MATERIALS PROVIDED Block Start
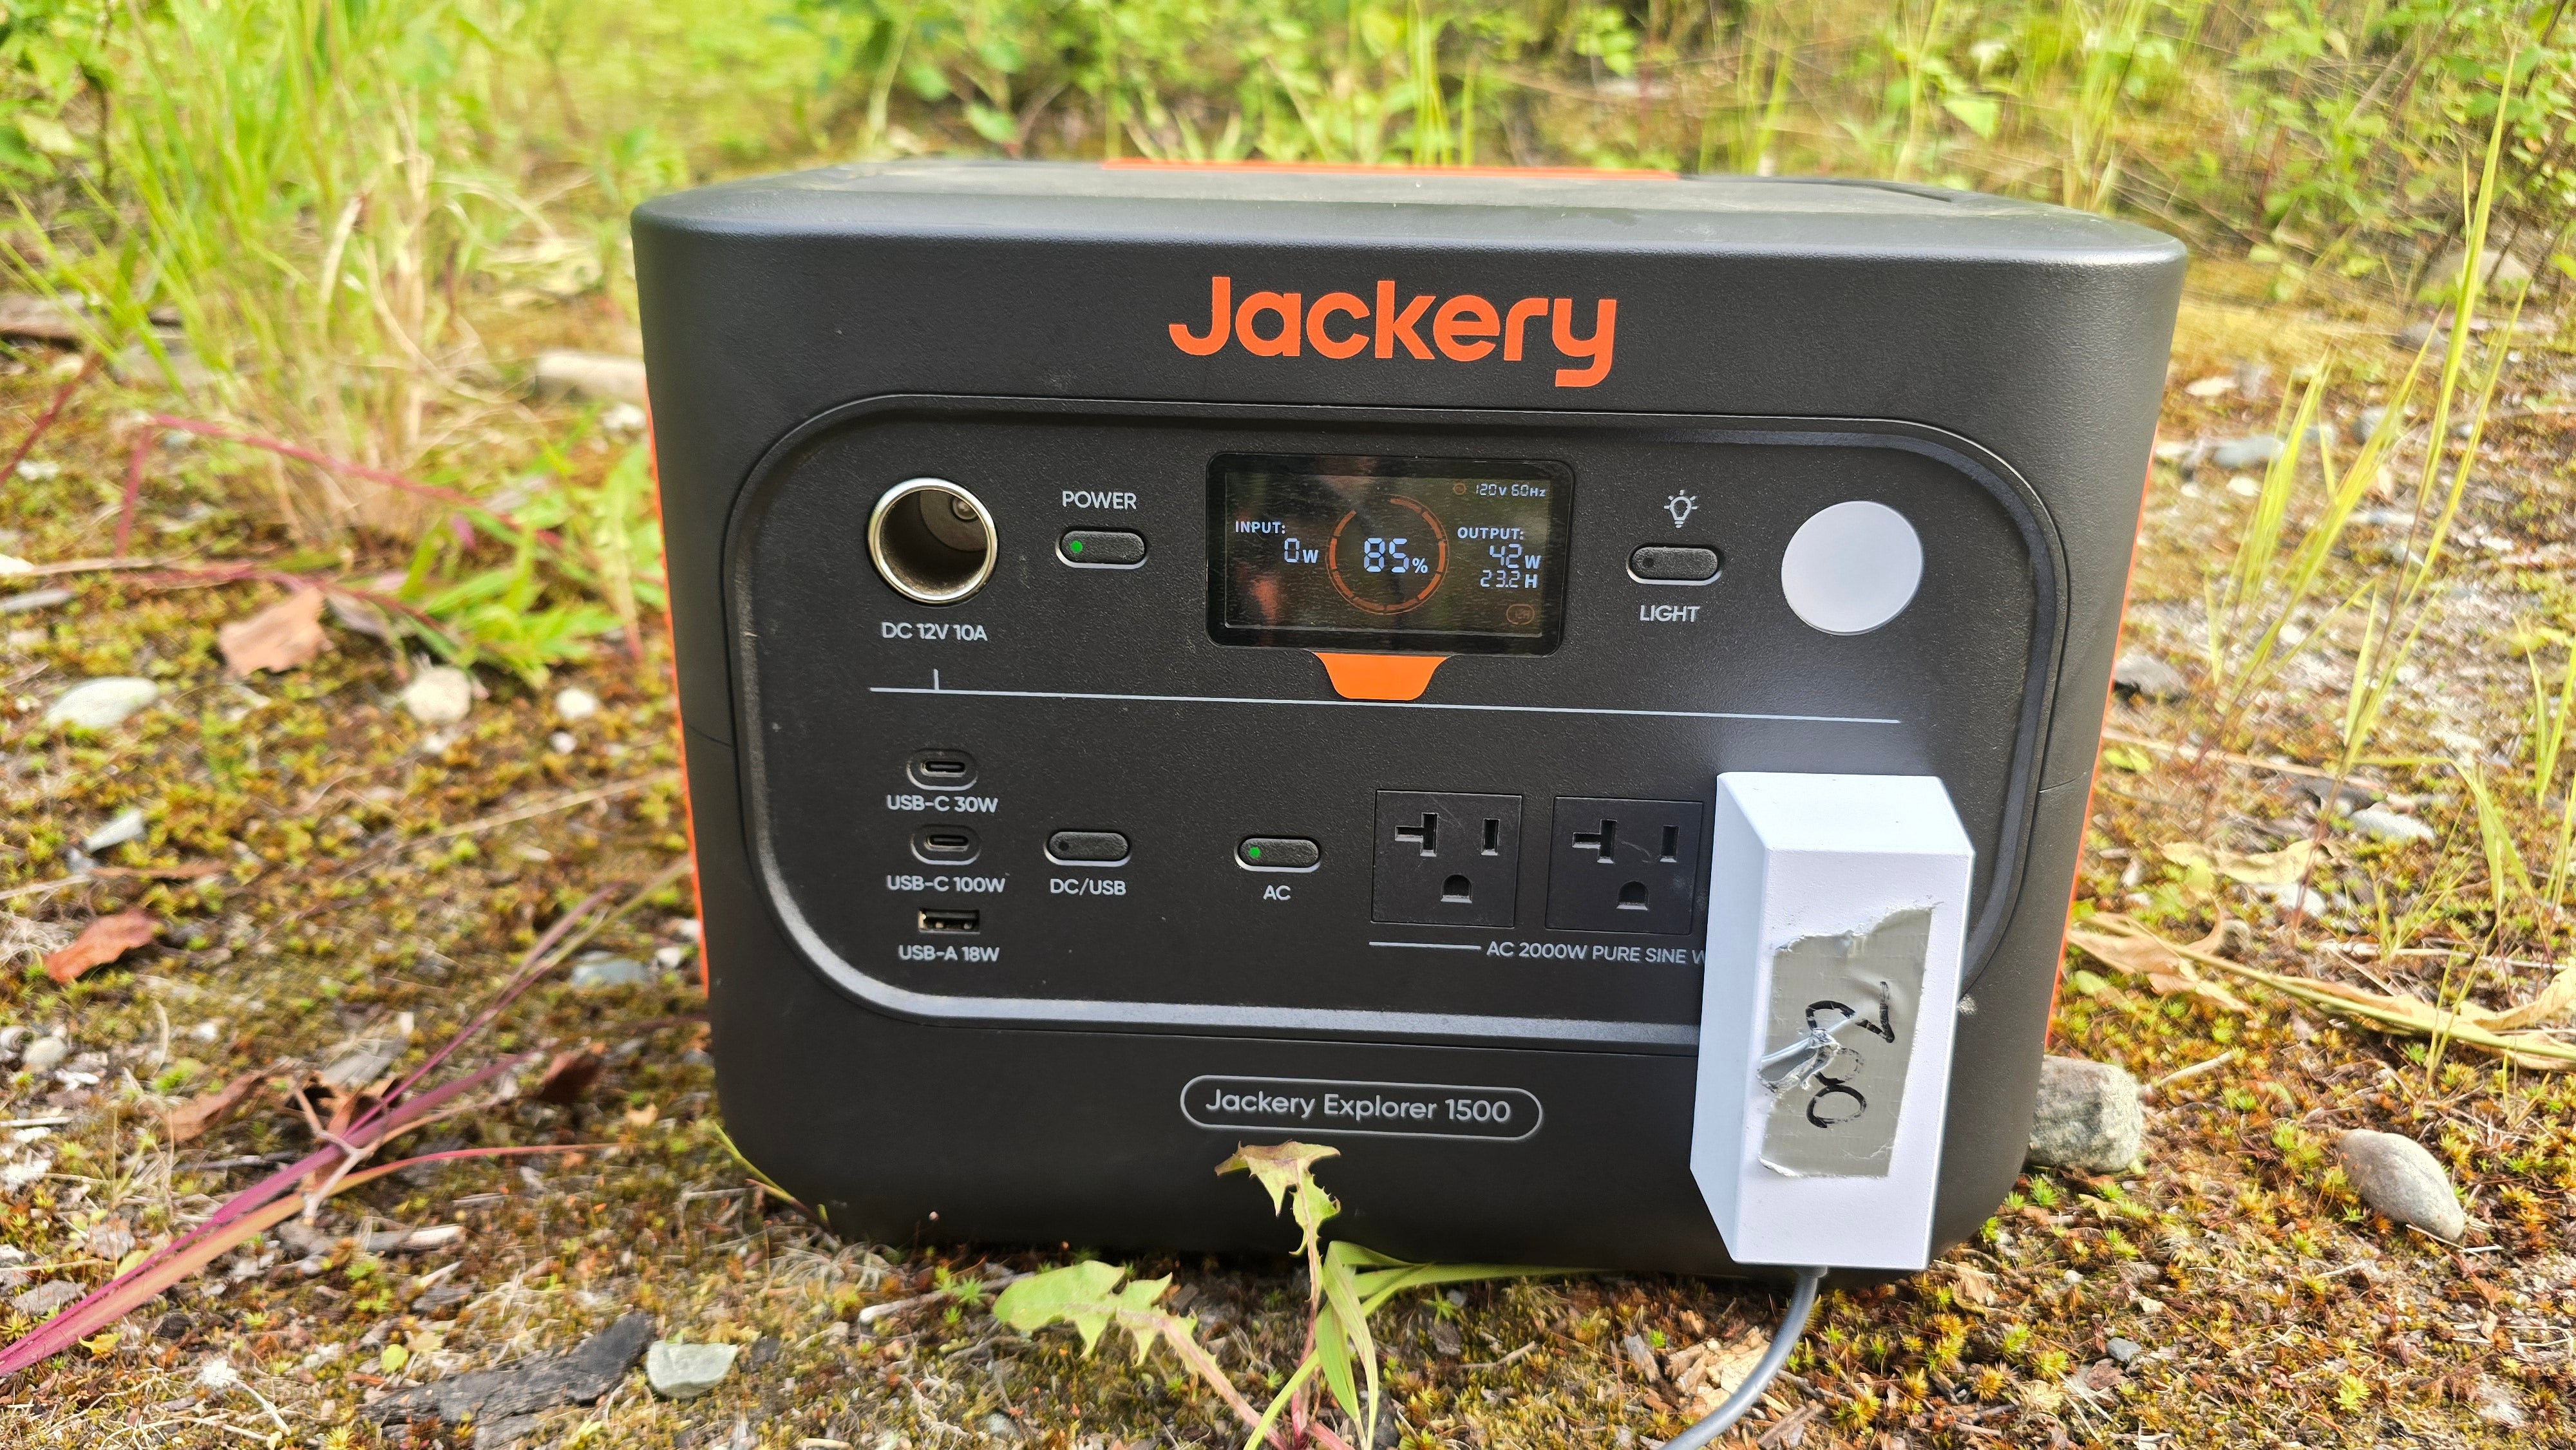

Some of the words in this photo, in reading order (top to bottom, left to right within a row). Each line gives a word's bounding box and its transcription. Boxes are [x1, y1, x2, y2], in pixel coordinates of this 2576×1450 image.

[1168, 276, 1618, 388] Jackery
[1062, 491, 1137, 510] POWER
[1235, 521, 1285, 534] INPUT:
[1457, 527, 1524, 540] OUTPUT:
[1640, 605, 1700, 623] LIGHT
[881, 621, 913, 639] DC
[917, 623, 949, 640] 12V
[954, 625, 988, 641] 10A
[886, 795, 950, 812] USB-C
[954, 796, 998, 813] 30W
[886, 875, 949, 892] USB-C
[955, 876, 1005, 894] 100W
[1050, 878, 1126, 896] DC/USB
[1263, 885, 1291, 901] AC
[898, 945, 958, 961] USB-A
[962, 946, 999, 963] 18W
[1486, 941, 1513, 957] AC
[1519, 942, 1586, 960] 2000W
[1593, 946, 1641, 963] PURE
[1645, 948, 1687, 964] SINE
[1206, 1089, 1315, 1118] Jackery
[1323, 1094, 1436, 1120] Explorer
[1445, 1099, 1511, 1122] 1500
MATERIALS PROVIDED Block End
* EXERCISE DIRECTIONS
Transcribe every record exactly and omit each image.

* RESULT FOR THIS EXERCISE
Some of the words in this photo, in reading order (top to bottom, left to right within a row). Each line gives a word's bounding box and its transcription. Boxes are [x1, y1, x2, y2], in pixel coordinates of this 2576×1450 image.

[1168, 276, 1618, 388] Jackery
[1062, 491, 1137, 510] POWER
[1235, 521, 1285, 534] INPUT:
[1457, 527, 1524, 540] OUTPUT:
[1640, 605, 1700, 623] LIGHT
[881, 621, 913, 639] DC
[917, 623, 949, 640] 12V
[954, 625, 988, 641] 10A
[886, 795, 950, 812] USB-C
[954, 796, 998, 813] 30W
[886, 875, 949, 892] USB-C
[955, 876, 1005, 894] 100W
[1050, 878, 1126, 896] DC/USB
[1263, 885, 1291, 901] AC
[898, 945, 958, 961] USB-A
[962, 946, 999, 963] 18W
[1486, 941, 1513, 957] AC
[1519, 942, 1586, 960] 2000W
[1593, 946, 1641, 963] PURE
[1645, 948, 1687, 964] SINE
[1206, 1089, 1315, 1118] Jackery
[1323, 1094, 1436, 1120] Explorer
[1445, 1099, 1511, 1122] 1500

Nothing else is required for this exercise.